Zur Ausstellung gehörten denn auch all die Häuser, Kirchen und Kapellen, die der Kirchenarchitekt, Maler, Raumgestalter und Designer in seiner kurzen, aber intensiven Schaffenszeit in Appenzell gestaltet hat, heisst es in der Ankündigung des Museums Appenzell.

Johannes Hugentobler (1897-1955) liess sich nach dem Besuch der Kunstgewerbeschule St. Gallen Ende der 1920er-Jahre in Appenzell nieder. In seinem ersten grossen Werk malte er 1923 die monumentale Figur des heiligen Mauritius an der Südwand des Turms der Pfarrkirche Appenzell. Später führte er die Planung und künstlerische Ausstattung verschiedener weiterer Kirchen und Kapellen aus. Bis zu seinem Tod hatte er seinen Wohnsitz im Schloss Appenzell.

Farbenfrohe Blumenbilder

Neben der Umsetzung seiner vor allem kirchenbaulichen Gesamtkunstwerke betätigte er sich als vielseitiger Maler, Zeichner und Glaskünstler.
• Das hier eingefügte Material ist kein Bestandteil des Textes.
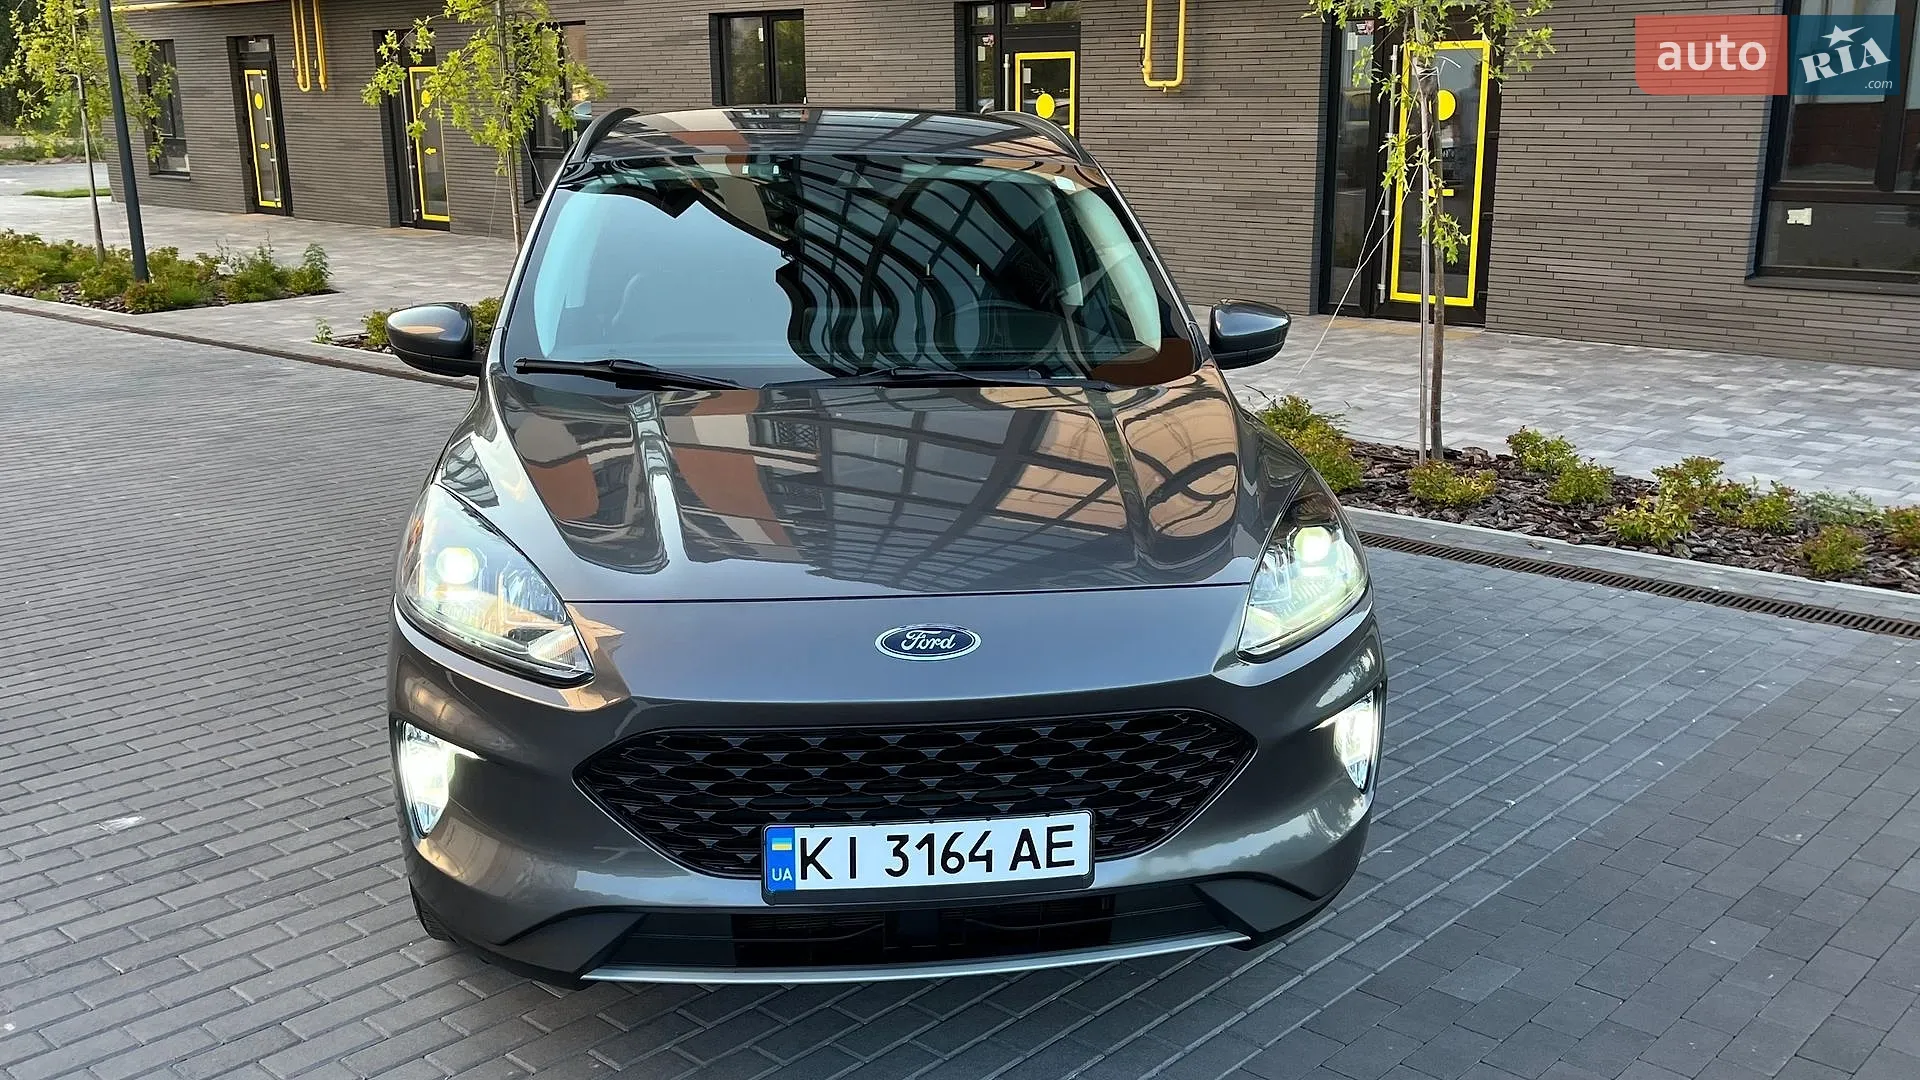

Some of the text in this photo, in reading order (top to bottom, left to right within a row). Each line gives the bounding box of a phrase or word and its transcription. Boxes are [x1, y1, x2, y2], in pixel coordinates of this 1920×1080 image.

[901, 629, 957, 651] Ford
[800, 824, 1076, 880] KI 3164 AE
[771, 867, 793, 882] UA
Herausragend sind seine Landschaften und farbenfrohen Blumenbilder.

Am Haus Löwen, eine Drogerie in der Hauptgasse 20 von Appenzell, führte Hugentobler 1931 seine erste Fassadenmalerei mit der Darstellung von Heilkräutern samt Sinnspruch aus. Danach entschieden sich weitere Hauseigentümer, ihre Gebäude künstlerisch von Johannes Hugentobler gestalten zu lassen.

Der Maler hat so das Dorfbild von Appenzell innerhalb von wenigen Jahren grundlegend umgestaltet und mit Ornamenten sowie intensivem Farbenspiel neu belebt.

Skizzen, Pläne und Entwürfe

Aus Hugentoblers schier unerschöpflichem Nachlass, der im Museum Appenzell aufbewahrt wird, sind neben Tafelbildern auch zahlreiche Skizzen, Pläne und Entwürfe zu seinen sakralen Bauten sowie Möbel und Alltagsgegenstände zu sehen. Filme von Thomas Karrer und eine künstlerische Intervention von Luzia Broger runden die Ausstellung ab.

Die Ausstellung dauert bis zum 17. Februar 2019. Es gibt zahlreiche Begleitveranstaltungen, unter anderem am 4. Juli eine Führung durch die Ausstellung und das Dorf Appenzell.